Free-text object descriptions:
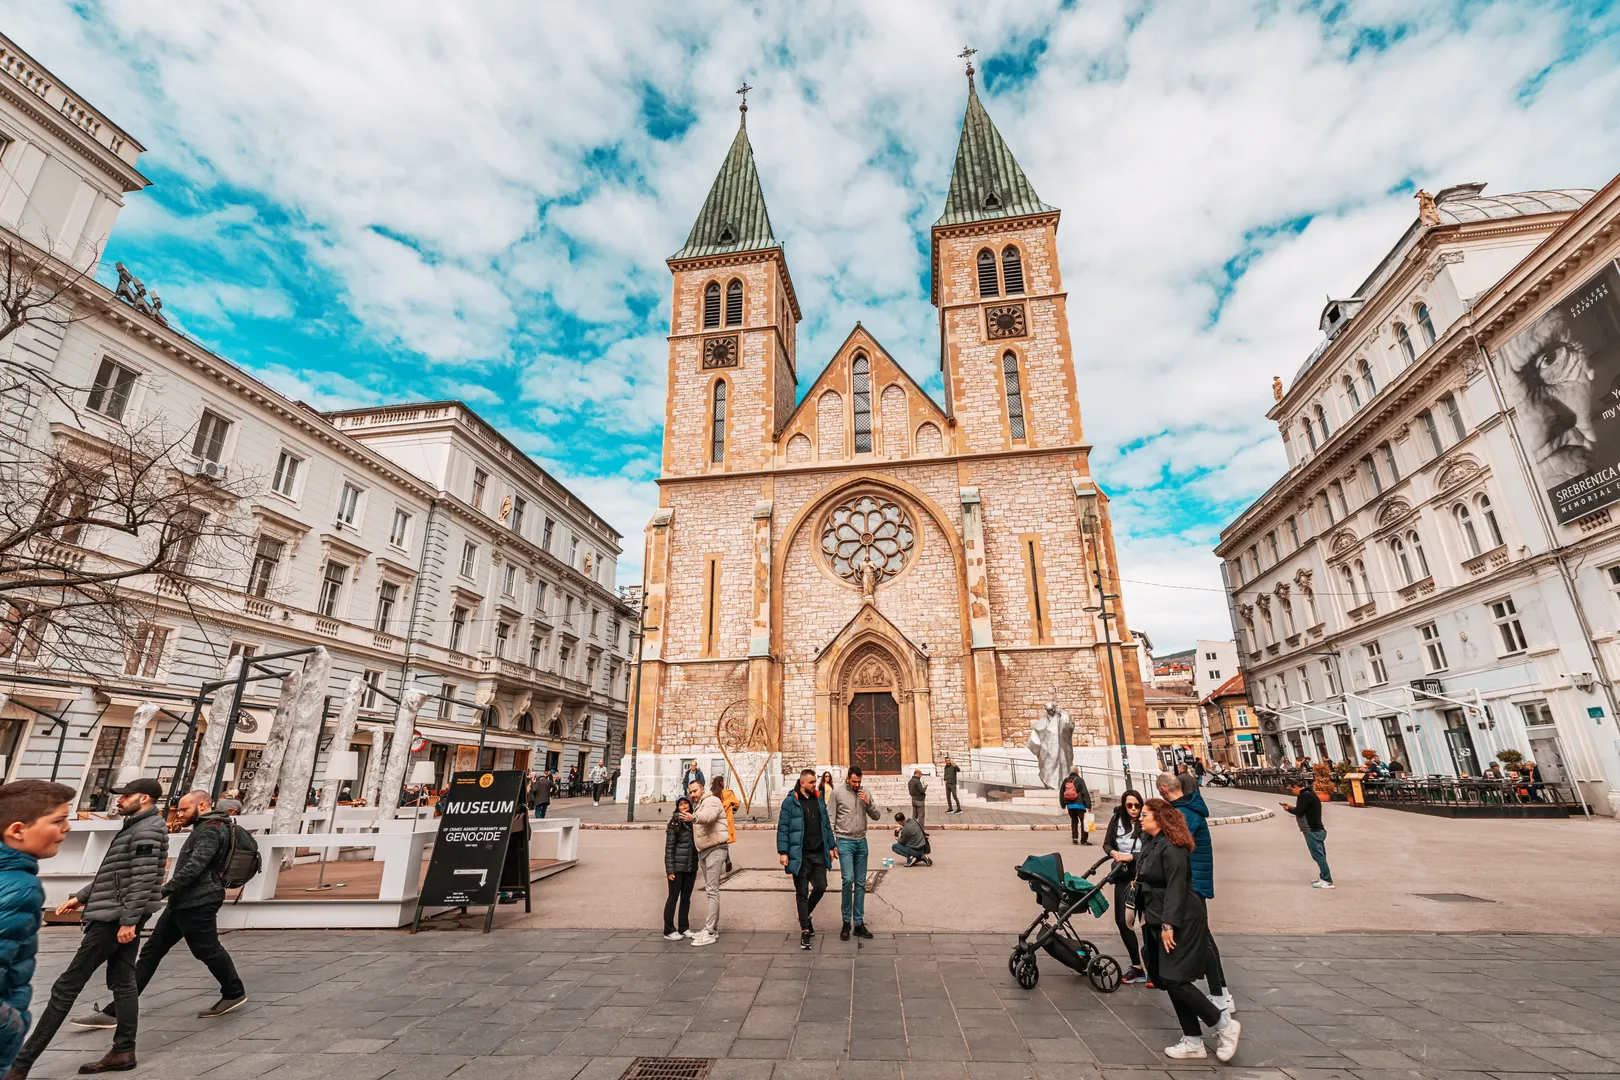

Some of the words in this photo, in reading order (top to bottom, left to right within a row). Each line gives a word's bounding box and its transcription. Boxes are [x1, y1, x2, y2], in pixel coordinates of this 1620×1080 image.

[1570, 283, 1605, 312] GALLERY
[1572, 289, 1608, 318] 11/07/95
[1602, 407, 1616, 420] my
[1556, 466, 1618, 503] SREBRENICA
[1561, 487, 1612, 514] MEMORIAL
[725, 717, 773, 748] SA
[446, 800, 514, 815] MUSEUM
[445, 831, 501, 842] GENOCIDE

# What is needed
An exact copy of all the records is required, with the pictures omitted.

# Result of this exercise
Some of the words in this photo, in reading order (top to bottom, left to right within a row). Each line gives a word's bounding box and its transcription. Boxes are [x1, y1, x2, y2], in pixel coordinates of this 1620×1080 image.

[1570, 283, 1605, 312] GALLERY
[1572, 289, 1608, 318] 11/07/95
[1602, 407, 1616, 420] my
[1556, 466, 1618, 503] SREBRENICA
[1561, 487, 1612, 514] MEMORIAL
[725, 717, 773, 748] SA
[446, 800, 514, 815] MUSEUM
[445, 831, 501, 842] GENOCIDE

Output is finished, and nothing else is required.